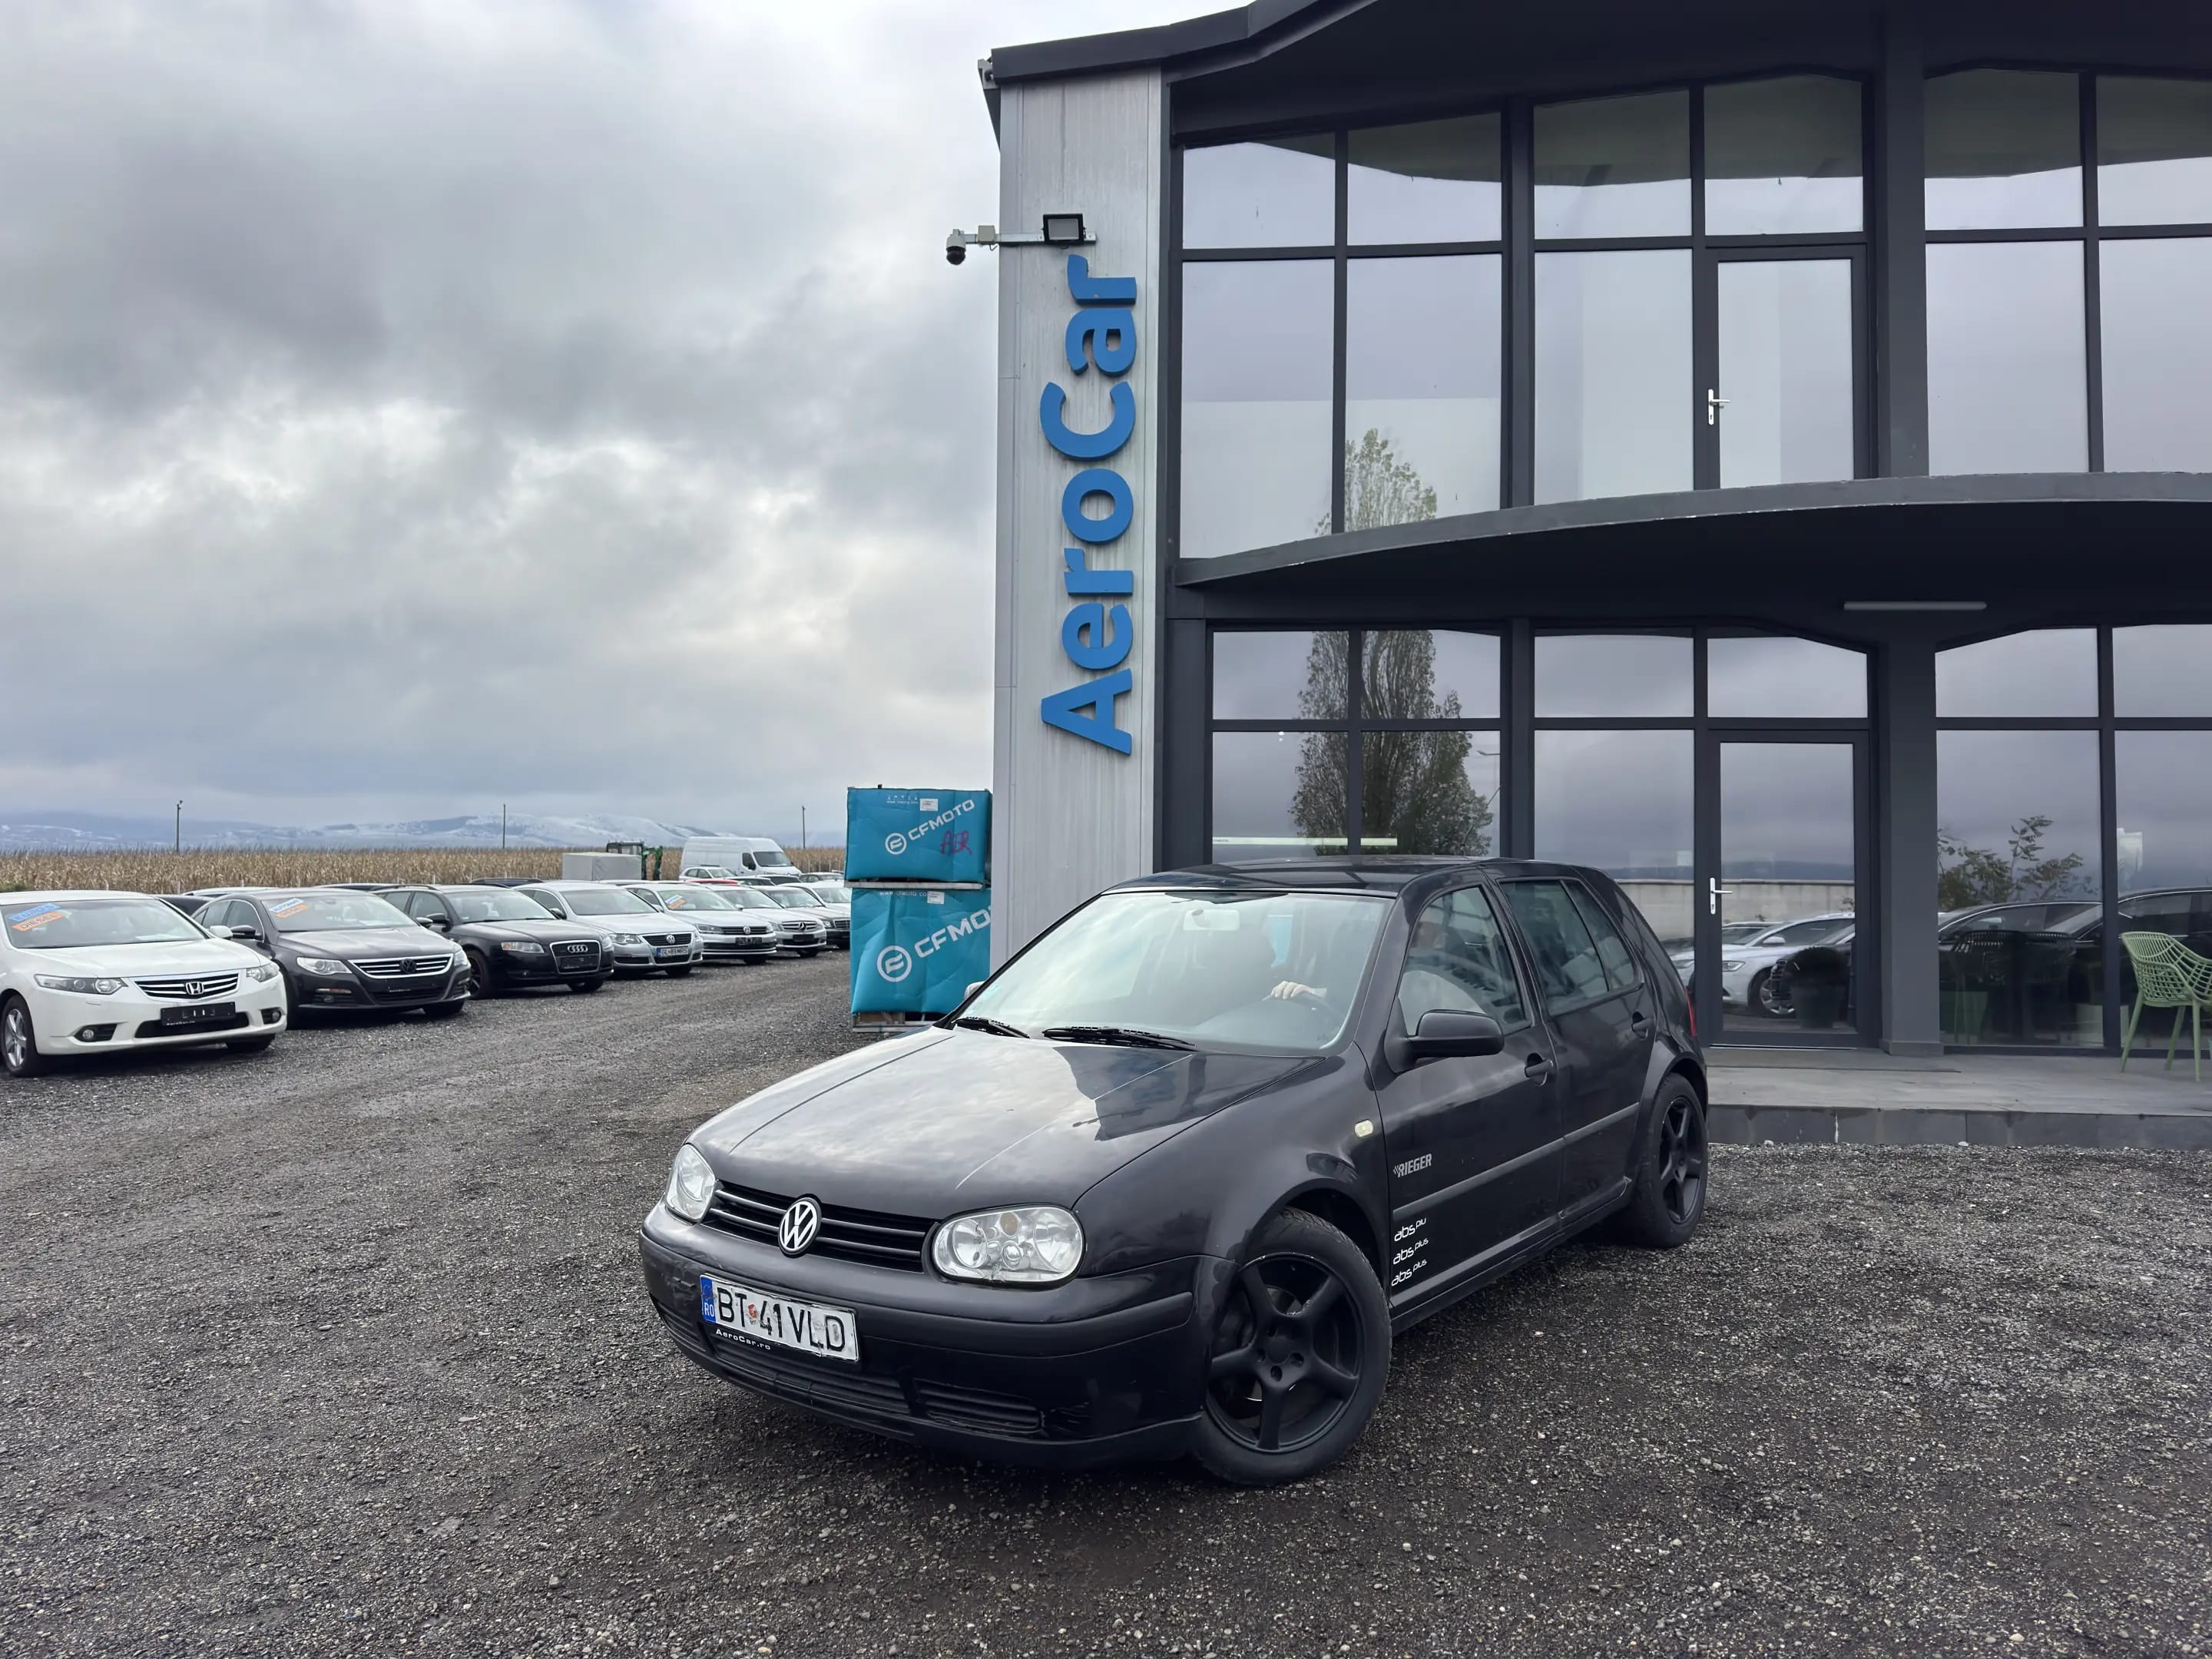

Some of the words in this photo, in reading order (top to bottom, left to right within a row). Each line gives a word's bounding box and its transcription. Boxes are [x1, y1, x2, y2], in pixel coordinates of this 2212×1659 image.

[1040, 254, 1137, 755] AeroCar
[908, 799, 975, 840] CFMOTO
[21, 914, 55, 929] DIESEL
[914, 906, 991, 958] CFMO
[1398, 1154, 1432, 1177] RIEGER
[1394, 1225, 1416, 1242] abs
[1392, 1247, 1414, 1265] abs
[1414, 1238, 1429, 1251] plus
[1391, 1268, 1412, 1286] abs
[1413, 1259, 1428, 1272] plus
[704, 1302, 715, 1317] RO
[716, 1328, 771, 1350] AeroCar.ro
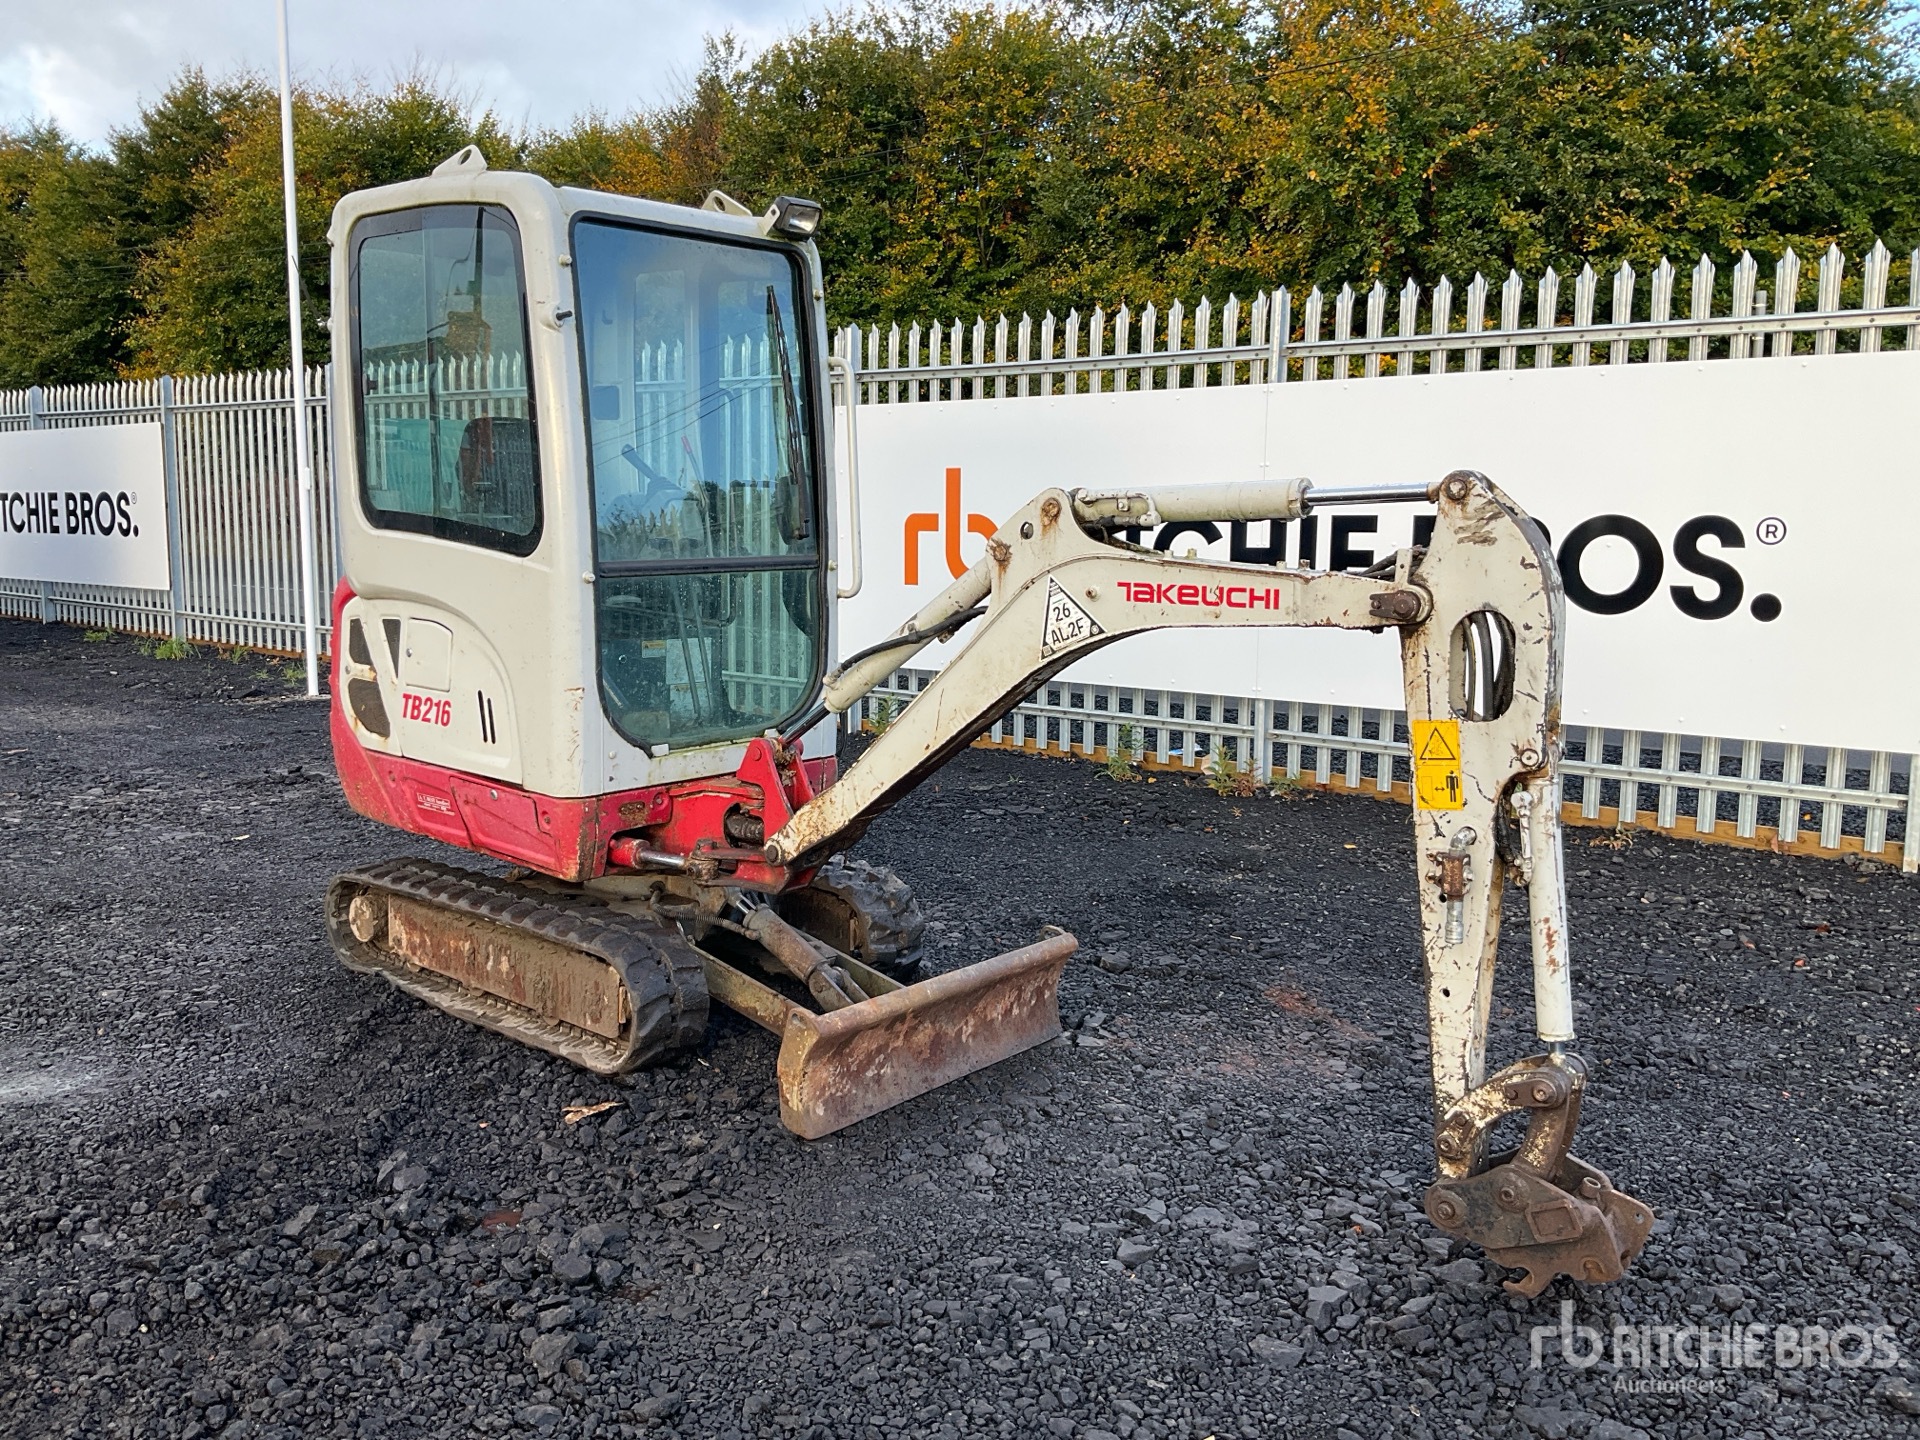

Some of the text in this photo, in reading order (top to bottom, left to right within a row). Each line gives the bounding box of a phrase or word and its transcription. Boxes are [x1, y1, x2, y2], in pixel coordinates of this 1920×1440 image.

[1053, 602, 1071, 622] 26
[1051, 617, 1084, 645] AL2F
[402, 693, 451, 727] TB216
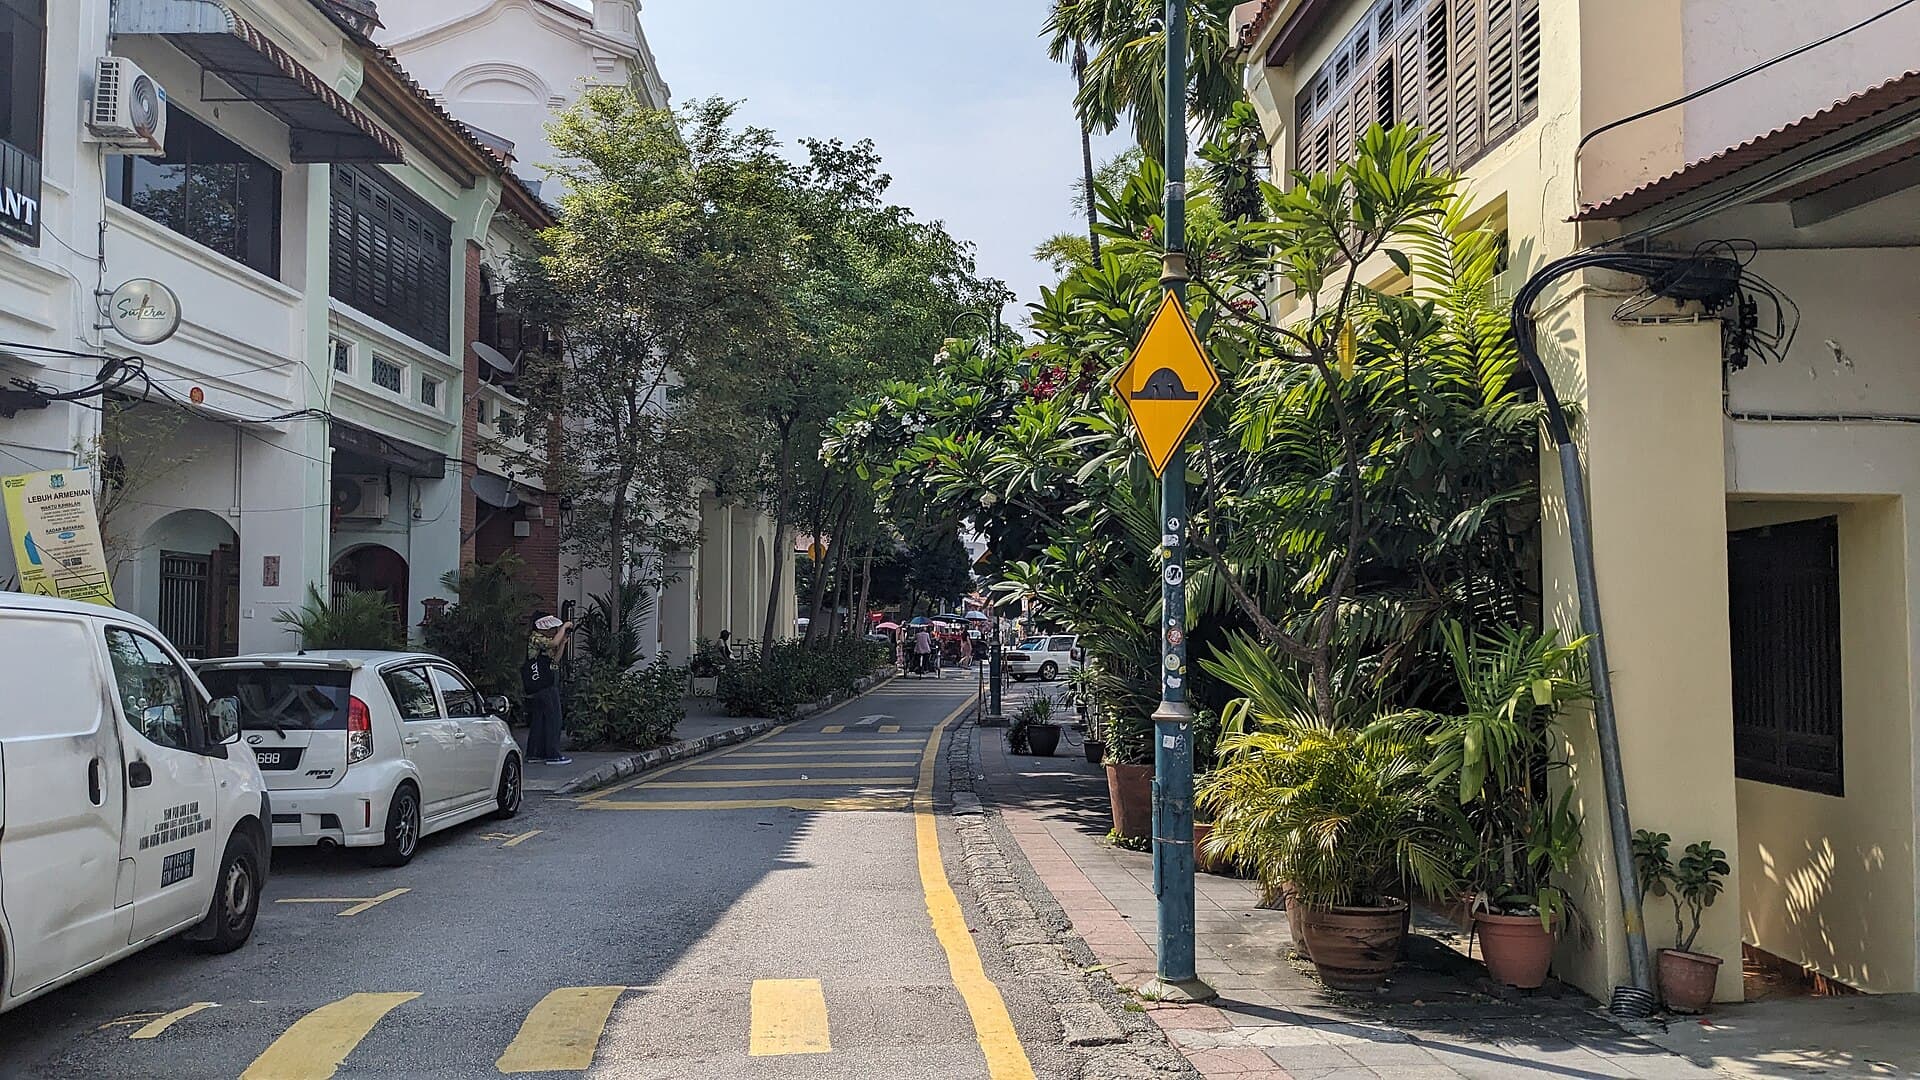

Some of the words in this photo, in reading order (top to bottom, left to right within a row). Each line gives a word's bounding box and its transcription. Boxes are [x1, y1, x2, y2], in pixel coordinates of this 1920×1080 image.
_ _ _ _
• How to complete this task
Only an exact copy of the records, free of images, belongs in the answer.

• Answer for the task
Some of the words in this photo, in reading order (top to bottom, left to right within a row). Each line gives a word's bounding box and its transcription. Boxes are [x1, y1, x2, y2], in pixel coordinates of this 2212×1659 image.

[1040, 254, 1137, 755] AeroCar
[908, 799, 975, 840] CFMOTO
[21, 914, 55, 929] DIESEL
[914, 906, 991, 958] CFMO
[1398, 1154, 1432, 1177] RIEGER
[1394, 1225, 1416, 1242] abs
[1392, 1247, 1414, 1265] abs
[1414, 1238, 1429, 1251] plus
[1391, 1268, 1412, 1286] abs
[1413, 1259, 1428, 1272] plus
[704, 1302, 715, 1317] RO
[716, 1328, 771, 1350] AeroCar.ro

Some of the text in this photo, in reading order (top to bottom, left to right within a row). Each line gives the bounding box of a phrase or word and its transcription. Boxes are [x1, y1, x2, y2], in pixel coordinates of this 1920×1440 image.

[1053, 602, 1071, 622] 26
[1051, 617, 1084, 645] AL2F
[402, 693, 451, 727] TB216

Some of the words in this photo, in reading order (top to bottom, left to right within a row). Each line gives a word's bounding box and its transcription. Boxes are [x1, y1, x2, y2], in pixel coordinates of this 1920×1080 image.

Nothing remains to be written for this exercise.